We are a family of 4 moving to Cyprus in July 13 for at least 2 years. We would like to rent a 3 bed bungalow or small villa in Pissouri. Does anybody have any advice or contacts please?


----------



## MacManiac (Jan 25, 2012)

We looked at a lovely villa in Pissouri when we came over and were on the point of renting it, when our present home came up by chance. The villa has three bedrooms, and a pool and is in a quiet cul-de-sac. At the moment it is up for sale but the owner was open to either a sale or a long-term rental. I have sent you a PM with the details and hope this might help.


----------



## MacManiac (Jan 25, 2012)

It seems the system will not allow me to send you a private message. 

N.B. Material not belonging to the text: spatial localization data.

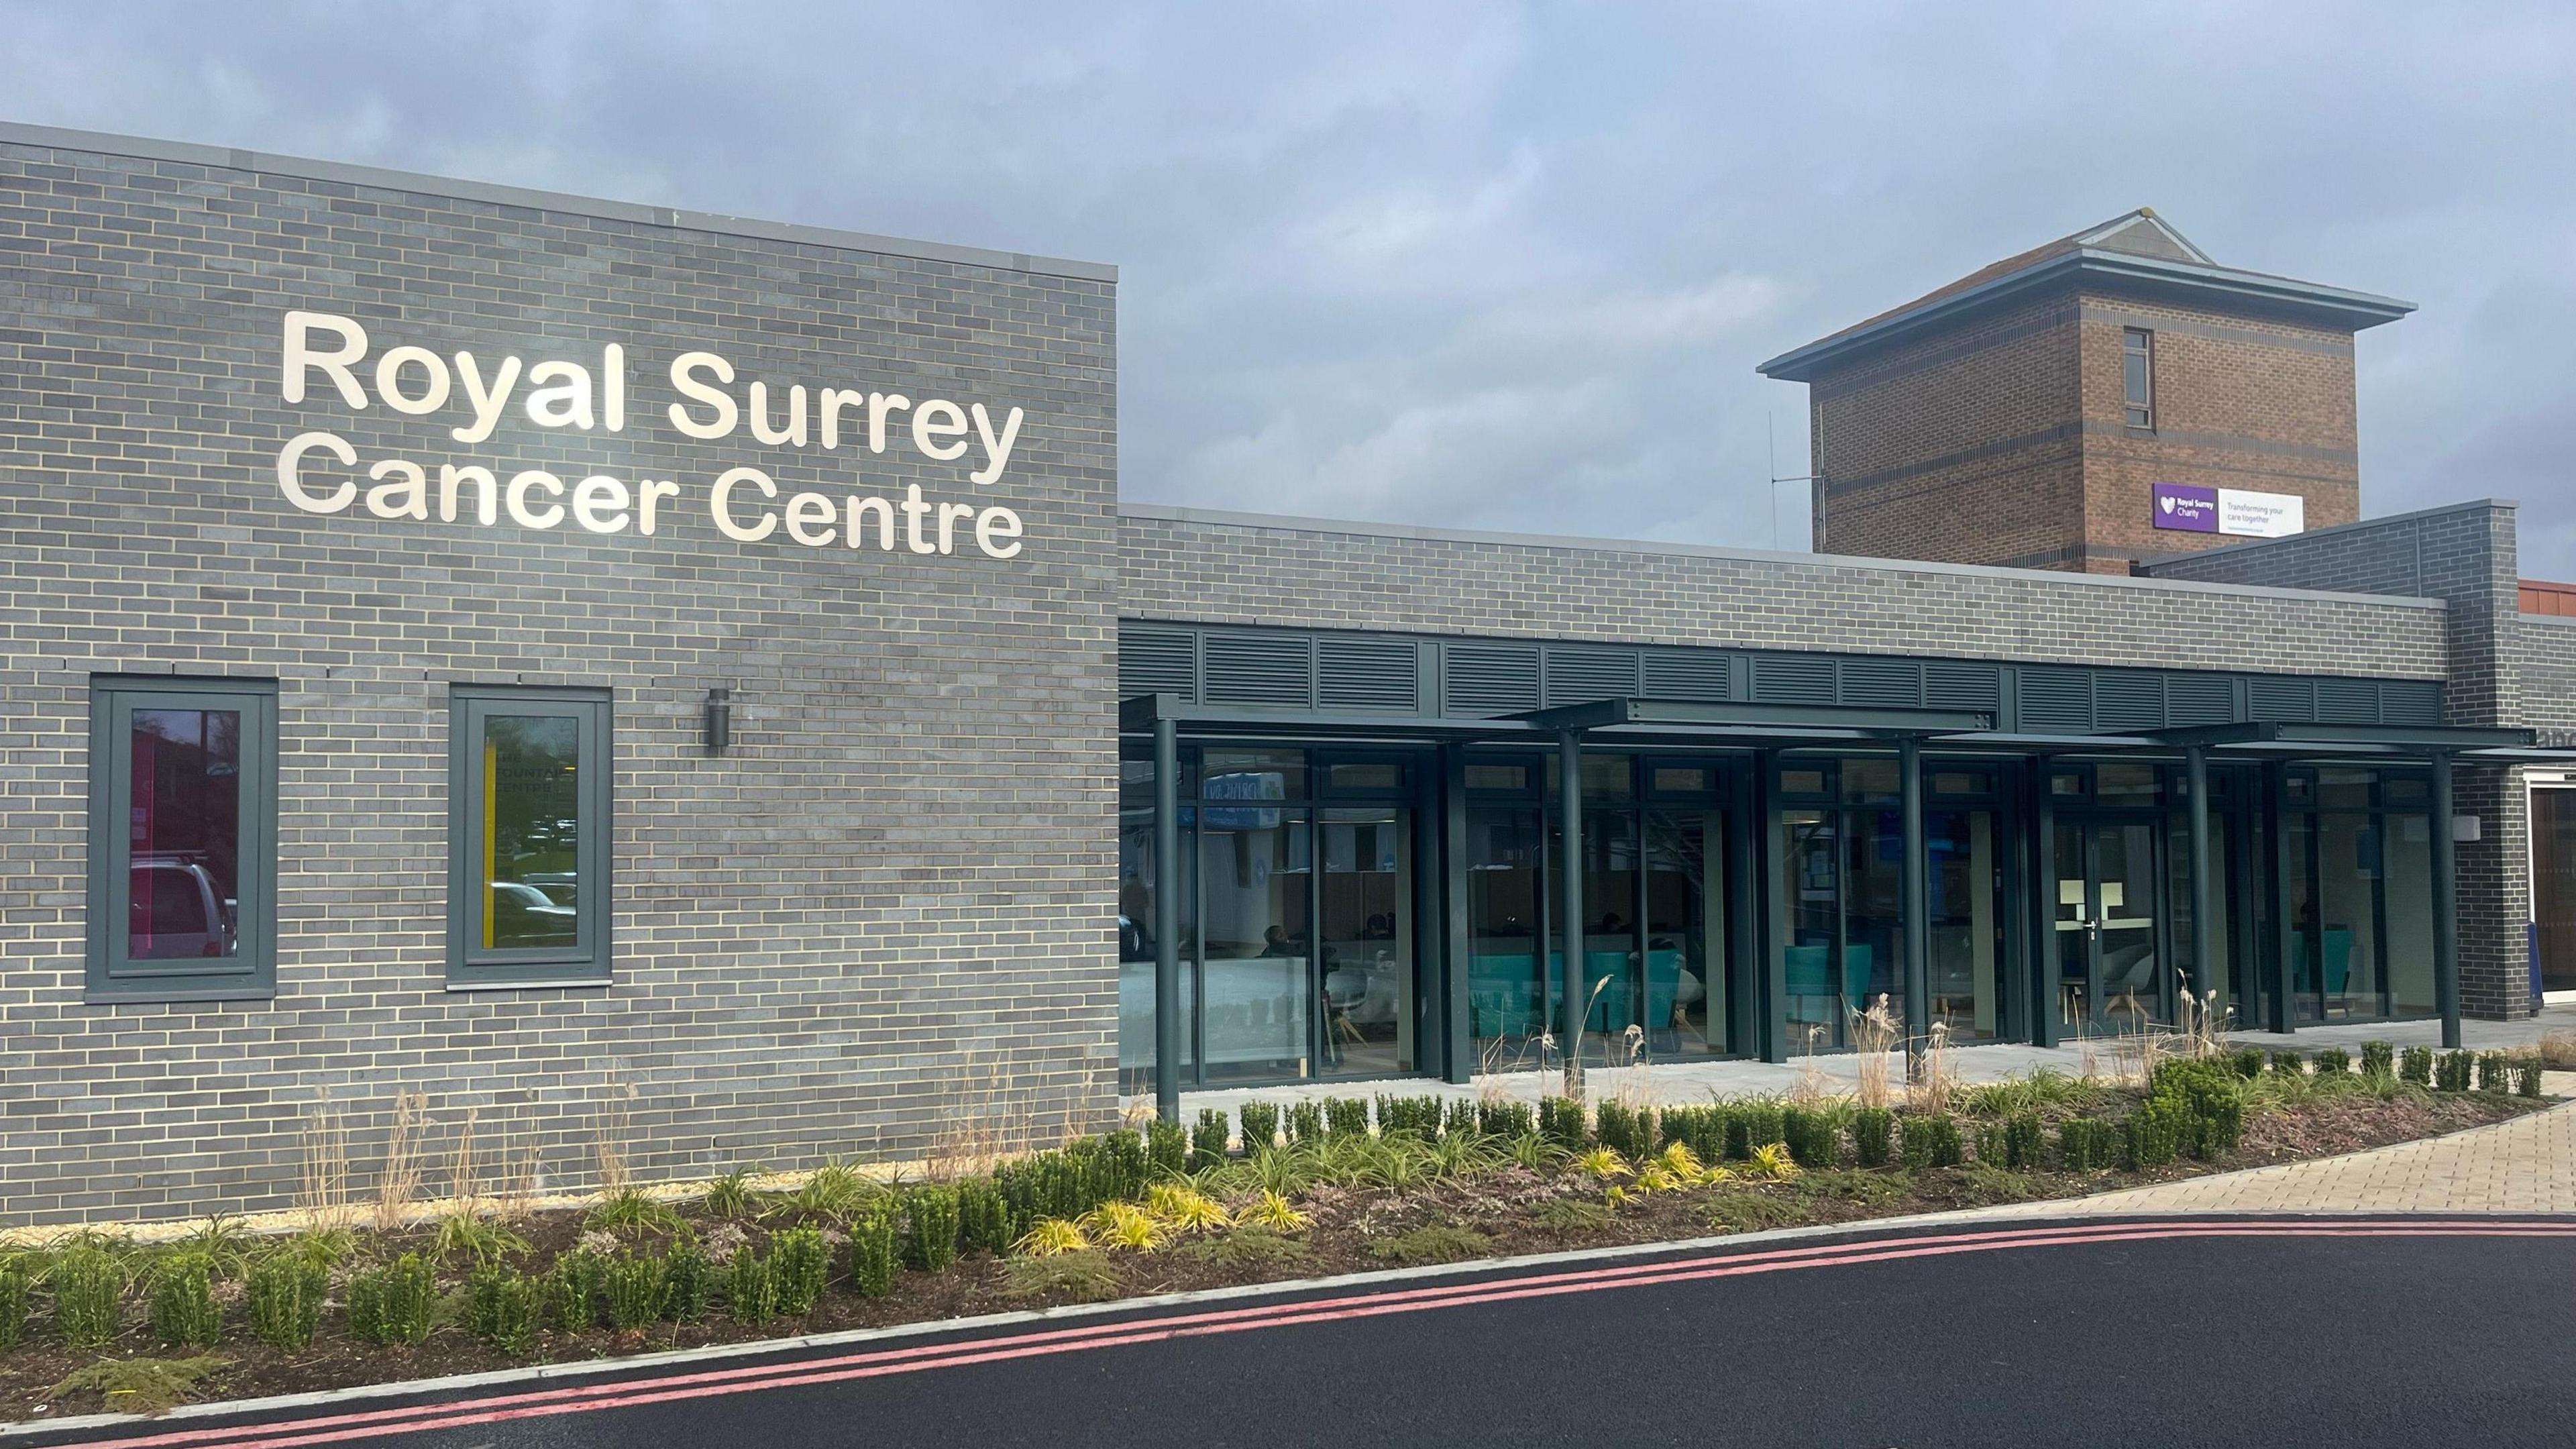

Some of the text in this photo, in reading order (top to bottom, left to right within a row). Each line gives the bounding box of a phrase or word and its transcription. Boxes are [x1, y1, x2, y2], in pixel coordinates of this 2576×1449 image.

[282, 310, 1024, 486] Royal Surrey
[276, 431, 1023, 559] Cancer Centre
[2177, 498, 2214, 511] Royal Surrey
[2227, 502, 2284, 515] Transforming your
[2177, 507, 2199, 520] Charity
[2242, 514, 2269, 524] together

If you can send me a private message with your email address, I'll send you the information.


----------



## Veronica (Apr 5, 2008)

Robin can neither receive nor send pm's until he becomes an active member.


----------



## robin8234 (Apr 20, 2013)

Many thanks. I need to have 5 posts before I can PM. Once I become an active member I will get back to you for the details.

I won't get a chance to visit Cyprus before my family and I arrive in July, do you think arranging over the internet is a problem? The only other way is for us to go into a hotel when we arrive and start looking at properties. I am presuming that once we find a property we like we should be able to move straight in?


----------



## MacManiac (Jan 25, 2012)

robin8234 said:


> Many thanks. I need to have 5 posts before I can PM. Once I become an active member I will get back to you for the details.
> 
> I won't get a chance to visit Cyprus before my family and I arrive in July, do you think arranging over the internet is a problem? The only other way is for us to go into a hotel when we arrive and start looking at properties. I am presuming that once we find a property we like we should be able to move straight in?

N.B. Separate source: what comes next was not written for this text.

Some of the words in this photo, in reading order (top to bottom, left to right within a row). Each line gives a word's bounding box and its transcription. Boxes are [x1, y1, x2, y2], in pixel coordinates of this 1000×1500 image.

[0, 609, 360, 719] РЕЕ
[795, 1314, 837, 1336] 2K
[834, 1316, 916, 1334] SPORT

In my experience, you must see the property a number of times before you decide whether it is right for you. On the internet you do not see the abattoir over the back fence, the hunting dogs kept in a cage next door, the dodgy neighbours with their rock music blaring till all hours ...

There are empty properties for rent everywhere, so you will be spoiled for choice. Time spent in looking and researching is never wasted.

After the third visit to our villa, we knew it was just what we were looking for. We agreed a price (nowhere near the inflated asking price), checked the tenancy agreement and within a couple of days we handed over the deposit and the first month's rent, and we were in. It can be that quick and that simple.


----------



## robin8234 (Apr 20, 2013)

That's all really good advice, many thanks. I will get back to you when I can PM.


----------



## MacManiac (Jan 25, 2012)

I've sent you a PM. Let me know if you don't receive it as it is not showing in my sent box.


----------



## robin8234 (Apr 20, 2013)

Received, thank you.


----------



## Guest (Apr 21, 2013)

WE are in the process of finding a long term for the moment and I have just no words for the agents we have met so far. Either they don't listen to your demands or just don't bother. We have seen only rubbish for the last 2 days.
And the latest agent was the worst. Pushed like a timeshare seller to get you to rent

Now we try the contacts route instead
Anders


----------



## Pam n Dave (Jun 11, 2007)

Try driving around and ringing the phone numbers outside the properties that you like, especially if you know the area that you want to live in. Once you have seen it then walk away only to return alone at several different times during the next few days. Then negotiate hard.


----------